Nashville, TN—With all of the other consequences of burgeoning use and misuse of opioid painkillers, here’s a new concern: Patients prescribed the drugs have a significantly increased risk of infections likely to require hospitalization, compared with nonusers.

The study, published recently in Annals of Internal Medicine, found that those using opioids had a 1.62 times higher risk of invasive pneumococcal diseases.

The Vanderbilt University Medical Center–led study points out that invasive pneumococcal diseases are serious infections caused by the Streptococcus pneumoniae bacteria, with mortality ranging from 5% to 20% and including meningitis, bacteremia, and invasive pneumonia.

“The association between opioid use and the risk of invasive pneumococcal diseases was strongest for opioids used at high doses, those classified as high potency and long-acting, which would be the extended release or controlled release formulations,” explained lead author Andrew Wiese, PhD, MPH, postdoctoral research fellow in the Department of Health Policy at Vanderbilt’s School of Medicine.

“We also found that opioids previously described as immunosuppressive in prior experimental studies conducted in animals, had the strongest association with invasive pneumococcal diseases in humans,” Wiese added.

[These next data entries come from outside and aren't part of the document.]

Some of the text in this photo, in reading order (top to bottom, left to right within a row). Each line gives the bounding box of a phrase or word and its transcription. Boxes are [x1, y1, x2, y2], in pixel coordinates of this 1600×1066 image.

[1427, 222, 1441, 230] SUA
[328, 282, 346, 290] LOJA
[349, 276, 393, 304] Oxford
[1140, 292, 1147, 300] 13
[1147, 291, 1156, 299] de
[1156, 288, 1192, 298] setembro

Although the link had been established in animal studies, whether opioid use in humans had the same effect remained unclear. To determine that, the researchers reviewed Tennessee Medicaid Data to measure daily prescription opioid exposure for each patient and then compared it with a population-based surveillance system conducted in partnership with the Tennessee Department of Health and the CDC to monitor invasive infectious diseases in Tennessee.

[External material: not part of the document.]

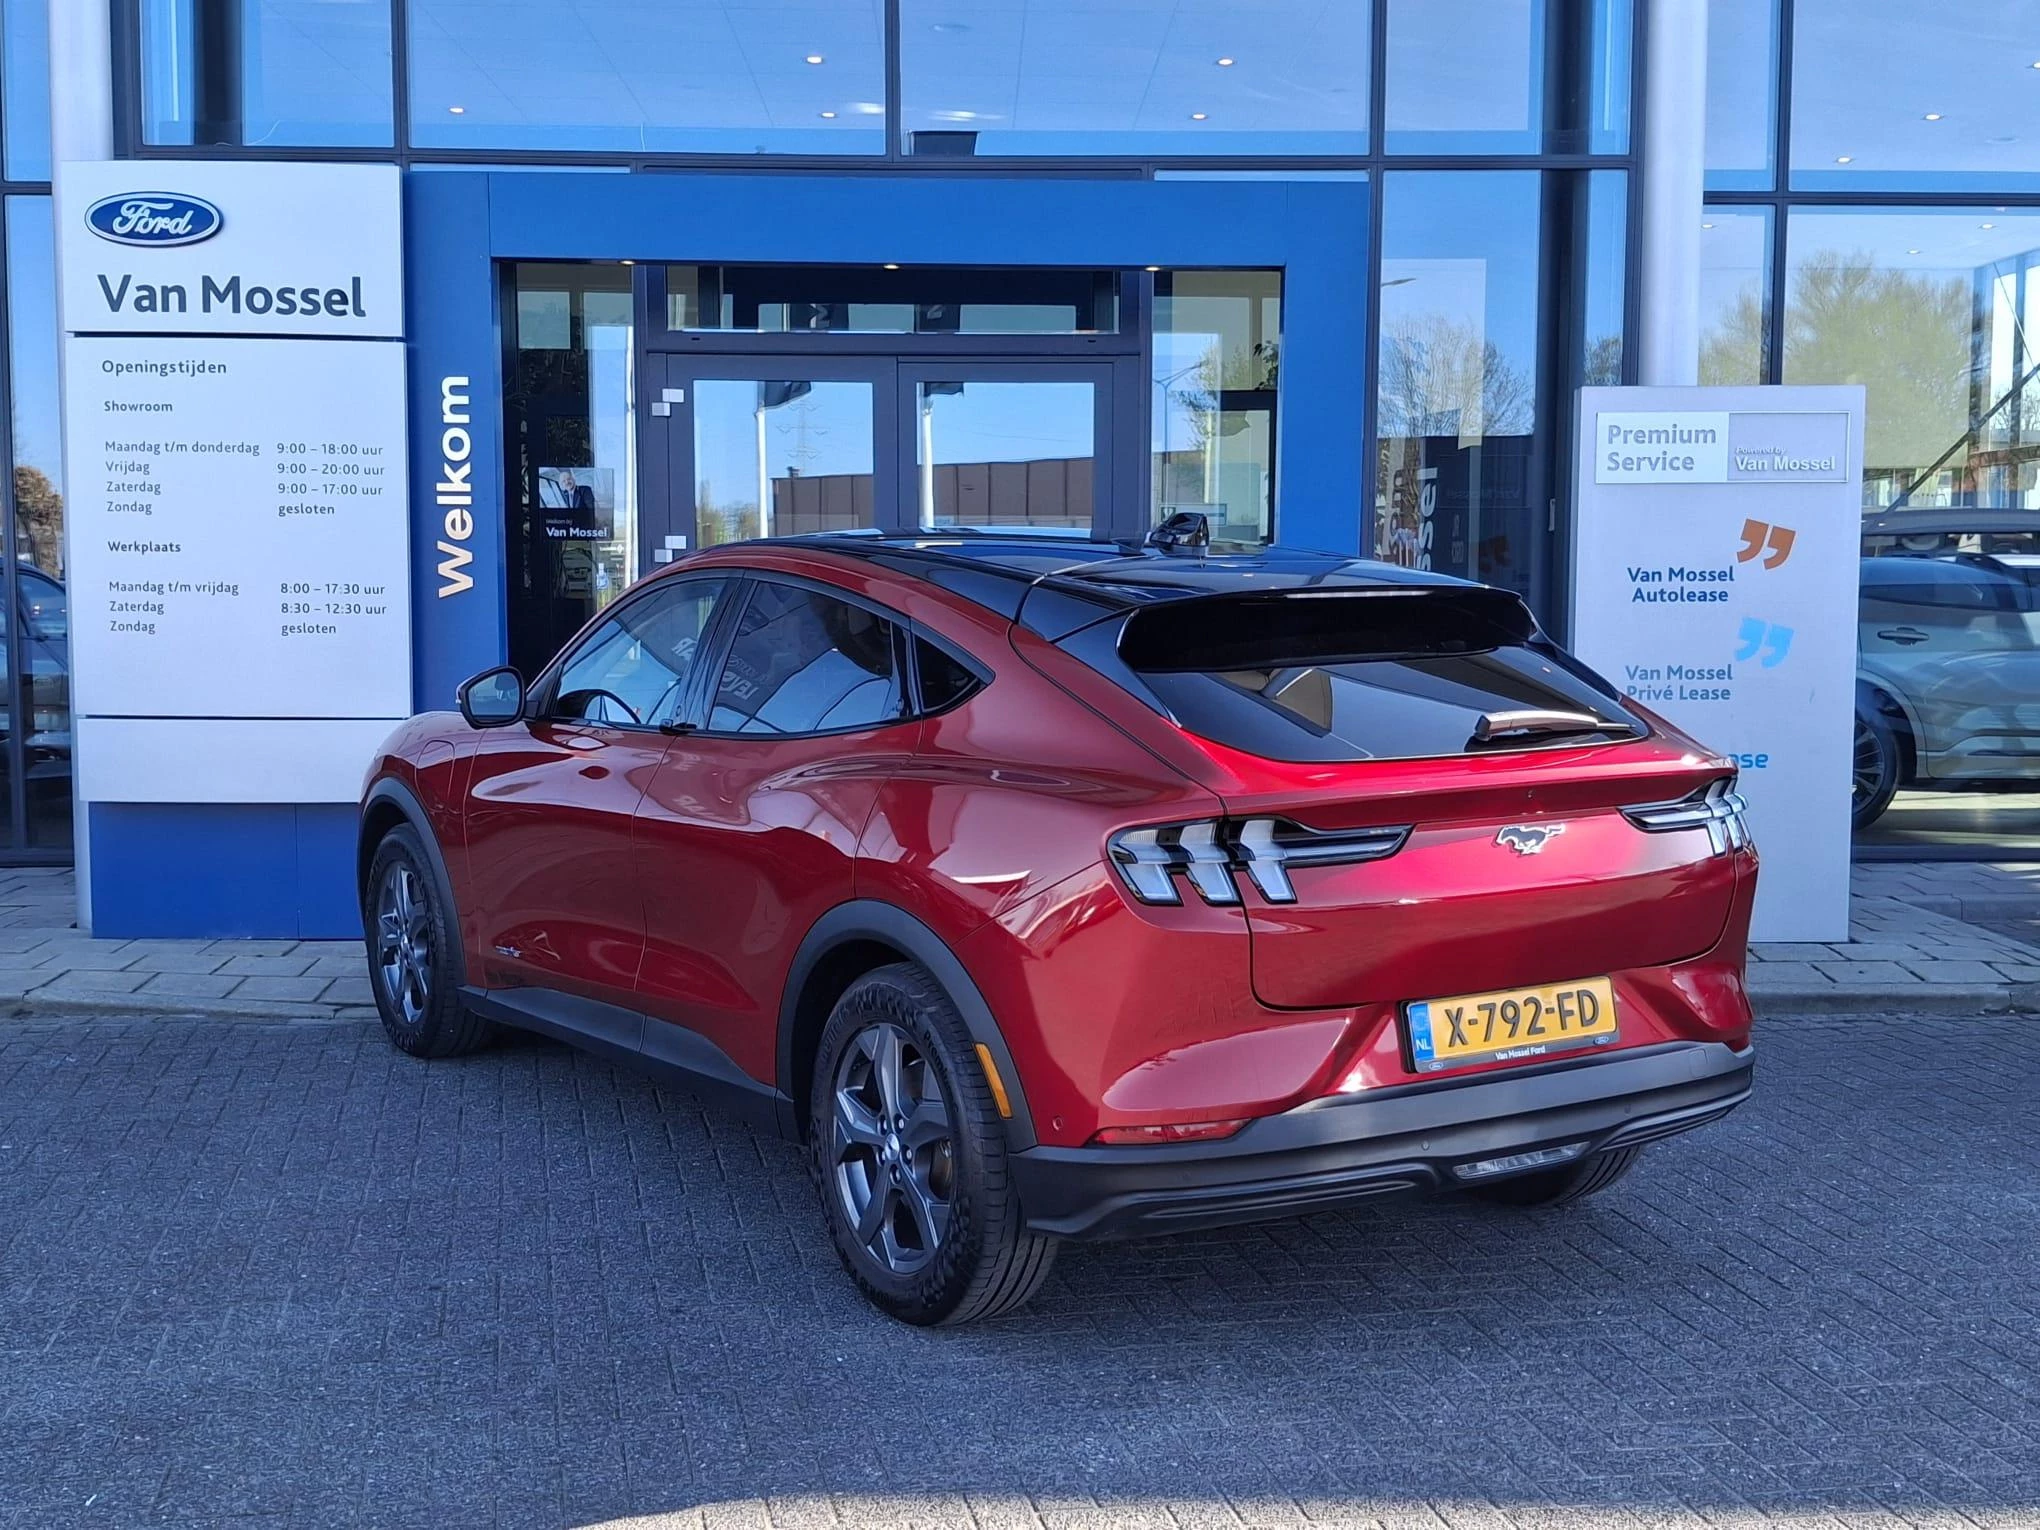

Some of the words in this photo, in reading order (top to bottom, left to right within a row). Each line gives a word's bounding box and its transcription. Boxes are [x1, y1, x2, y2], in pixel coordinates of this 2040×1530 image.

A significant association was determined between opioid use and the risk of laboratory-confirmed invasive pneumococcal diseases, study authors report.

In an accompanying editorial, Sascha Dublin, MD, and Michael von Korff, ScD, from the Kaiser Permanente Washington Health Research Institute suggest the research provides, “...cautionary evidence of a higher infection risk with prescription opioid use, suggesting the need for prudent steps to protect patients...” The commentators recommend that “opioid prescribing should be consistently cautious and closely monitored among all patients, especially those at increased risk for infections, who may be particularly susceptible to harm.”

Weise concurred, noting, “The findings from our study are clinically relevant. Providers should consider these results when making pain management decisions.”